Obama Should Go Big And Bold For State Of Union
Jan. 20 (Bloomberg) — The news media won’t learn what’s in President Barack Obama’s State of the Union address until a few hours before he delivers it Tuesday night. But we know one thing: If the president doesn’t give us specific ideas of what he wants to do in a second term, he’ll have a harder time winning one.
Obama articulated new themes for his domestic presidency in an important speech on Dec. 6 in Osawatomie, Kansas, where former President Theodore Roosevelt, a Republican, had unveiled his “New Nationalism” in 1910. Obama described the struggle to “restore growth and prosperity, restore balance, restore fairness” as “the defining issue of our time” and called this “a make-or-break moment for the middle class.”
But the Kansas speech contained almost no proposals for how to “make” the moment. The State of the Union is where the president must actually explain how he would reduce income inequality, revive the middle class and restore faith in our battered democratic institutions. Trashing Mitt Romney (or Newt Gingrich) all year won’t be enough to get Obama over the finish line in November.
Last year, Obama used the State of the Union to explain that the U.S. could “win the future” if we worked to “out- innovate, out-educate, out-build” the rest of the world. The mantra of innovation, education and infrastructure is smart and effective, and he’ll probably repeat it. But because he spoke at the high tide of concern about the deficit, he didn’t dare propose anything bold to make that vision a reality.
This year, nobody expects anything serious to pass Congress, so Obama should use the moment to lay out a four-year agenda: a wish list that might inspire at least part of the country and remind us that we elected him to be “transformational.”

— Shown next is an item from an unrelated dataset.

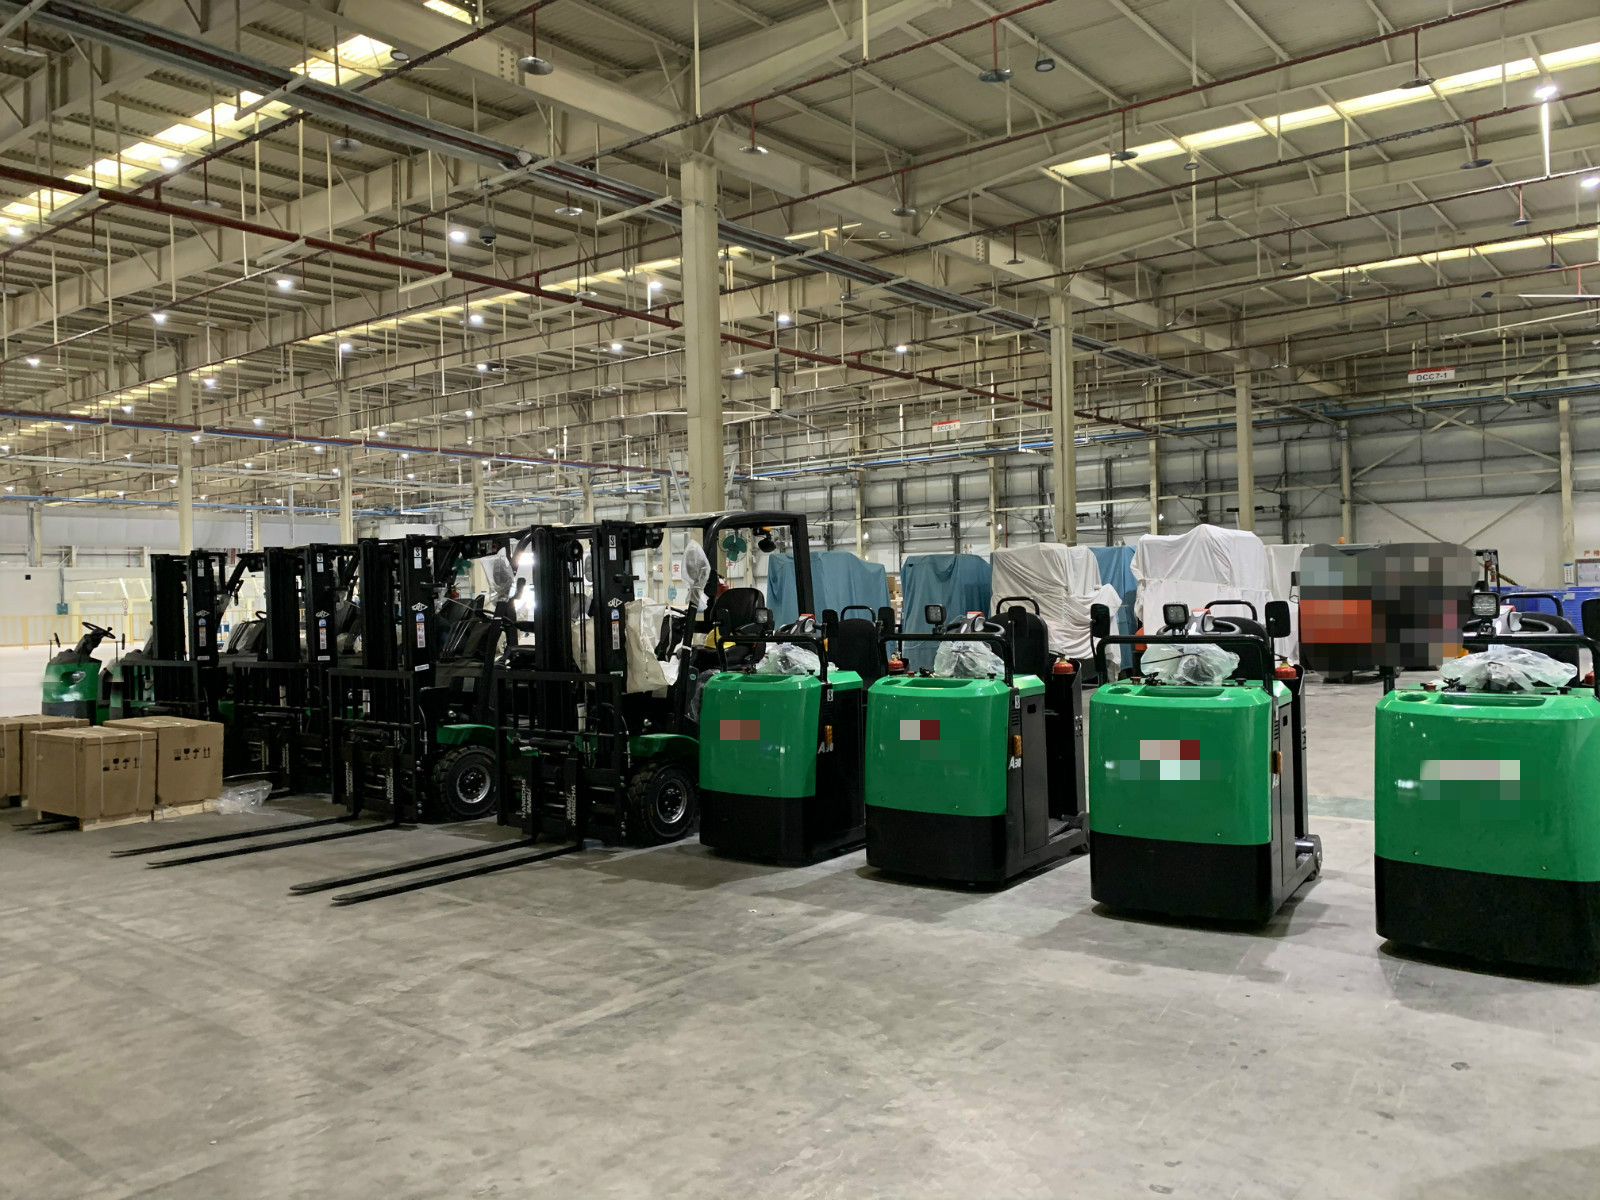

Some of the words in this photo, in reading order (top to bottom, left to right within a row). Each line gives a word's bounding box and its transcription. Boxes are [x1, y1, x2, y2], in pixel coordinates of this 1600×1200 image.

[1416, 372, 1447, 381] DCC7-1
[818, 742, 834, 754] A30
[1008, 756, 1021, 769] A30

We know Obama will reiterate old arguments, including the need for the jobs and infrastructure bill rejected by Republicans (who forget that their party was founded in 1856 in part on support for “internal improvements”), comprehensive immigration reform and the $4 trillion in 10-year deficit reduction that the president and House Speaker John Boehner almost agreed to last summer (without any specifics, of course). We’ll hear about new energy exploration that didn’t get the publicity of the Keystone XL pipeline, protection of Medicare and Social Security, and another promise that all of the administration’s programs will be paid for.
But a speech that merely summarizes the ideas of a mean and disillusioning year will land like a thud. Instead, we need to know Obama’s investment strategy should he retain any of the political capital that tends to dissipate quickly in a second term.
The most pressing of those investments is in jobs. He should implement a creative growth policy that combines yet more incentives for new businesses (it’s new, not just small, businesses that create jobs) and fresh thinking like vouchers for veterans to use for employment with nonprofits.
In the longer term, the most important investments are in education. Obama will probably highlight the stark philosophical differences between the two parties here. He wants to fund early childhood education, hold schools and teachers accountable for performance, act to reduce dropout rates, and expand Pell grants for college. By contrast, the budget plan put forward by House Budget Committee chairman Paul Ryan, approved last year by all but four of his fellow Republicans, proposes sharp cuts in discretionary spending that are likely to severely curtail the federal role in education.
The speech should introduce Americans to a first-tier issue that somehow never gets talked about in presidential debates — the now-acute skills gap that makes it much harder for the U.S. to compete internationally. In the president’s hometown of Chicago, for instance, unemployment is at nearly 10 percent while local businesses are posting 100,000 job vacancies. Obama’s old chief of staff, Rahm Emanuel, now mayor of Chicago, has responded by blowing up the community college system, which has a pathetic 7 percent average graduation rate. Under Emanuel’s plan, industries (e.g. health care, IT, hospitality) will adopt a college, design the curriculum and train students.
Obama will surely repeat his support for “the Buffett Rule,” whereby those making over a million dollars a year would no longer be able to pay taxes at a lower rate than the middle class. But the president should go further and embrace fundamental tax reform that flattens rates and kills unfair deductions and loopholes. If he really wants to be bold he would propose replacing the payroll tax with a value-added tax (popular with Republicans) and a carbon tax (popular with Democrats). It’s much smarter to tax consumption and pollution than jobs.
Finally, Obama needs to become a champion of political reform. He has been weak on money in politics, opting out of public financing and rarely discussing in public what Teddy Roosevelt called “corrupt campaign practices.” He should use the State of the Union to build support for reforming the primary process (the root of polarization) along the lines of California’s new “top-two” nonpartisan primary and amending the Constitution in the wake of Buckley v. Valeo (1976) and Citizens United (2010) so that money no longer equals speech. With today’s disgust over super-PACs, the time is right.
No president can singlehandedly restore democracy or reverse structural economic inequality, which is caused largely by globalization, technology and forces beyond any leader’s control. But reform ideas and long-term investments in human capital might ease the problem at the margins, which in turn can soften political edges and help restore the sense of common purpose essential to continued American greatness.
(Jonathan Alter is a Bloomberg View columnist and the author of “The Promise: President Obama, Year One.” The opinions expressed are his own.)